───── SOURCE DATA ─────
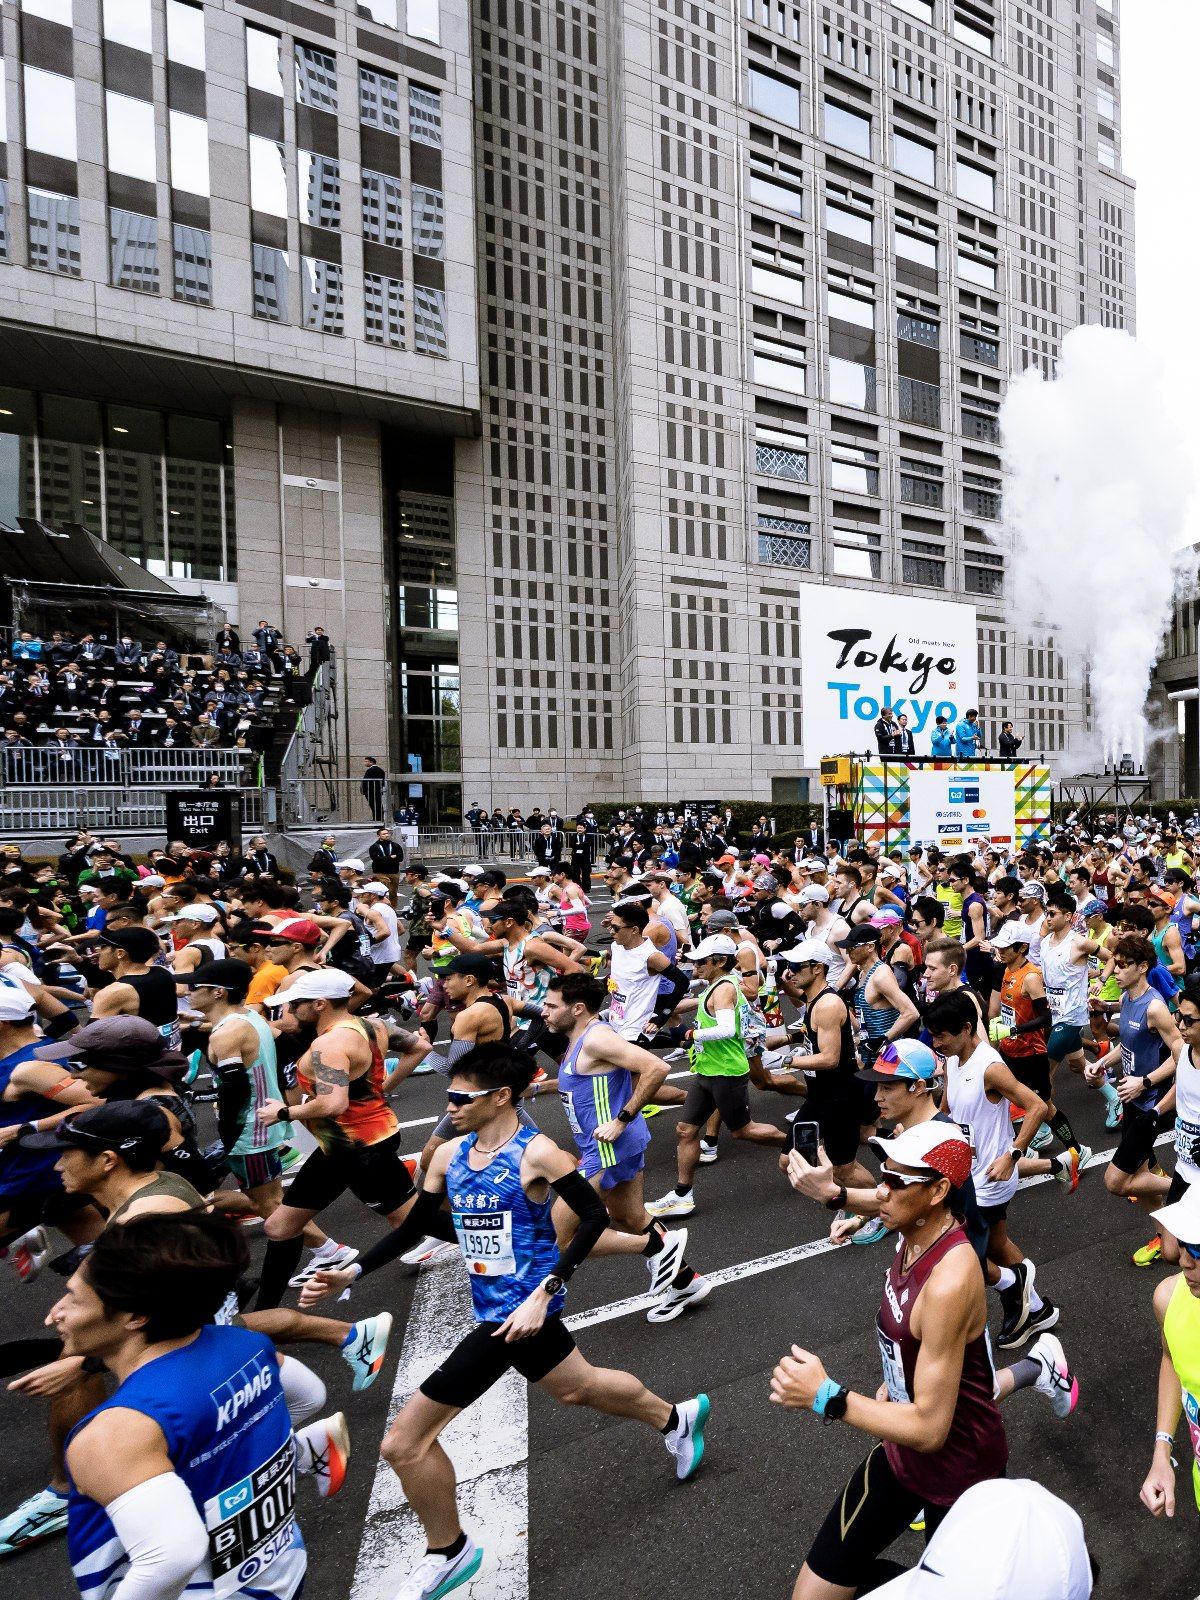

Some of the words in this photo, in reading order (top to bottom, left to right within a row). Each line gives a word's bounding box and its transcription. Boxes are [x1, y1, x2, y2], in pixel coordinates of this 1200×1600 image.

[827, 629, 956, 694] Tokyo
[827, 682, 957, 734] Tokyo
[184, 816, 214, 826] 出口
[453, 1194, 499, 1209] 東京都庁
[464, 1218, 500, 1227] 東京メトロ
[464, 1234, 500, 1255] 19925
[216, 1365, 272, 1432] KPMG
[215, 1528, 236, 1553] B
[222, 1557, 231, 1570] 1
─────
GOAL OF THE EXERCISE
Give every line above again exactly, with no pictures.

YOUR SOLUTION
Some of the words in this photo, in reading order (top to bottom, left to right within a row). Each line gives a word's bounding box and its transcription. Boxes are [x1, y1, x2, y2], in pixel coordinates of this 1200×1600 image.

[827, 629, 956, 694] Tokyo
[827, 682, 957, 734] Tokyo
[184, 816, 214, 826] 出口
[453, 1194, 499, 1209] 東京都庁
[464, 1218, 500, 1227] 東京メトロ
[464, 1234, 500, 1255] 19925
[216, 1365, 272, 1432] KPMG
[215, 1528, 236, 1553] B
[222, 1557, 231, 1570] 1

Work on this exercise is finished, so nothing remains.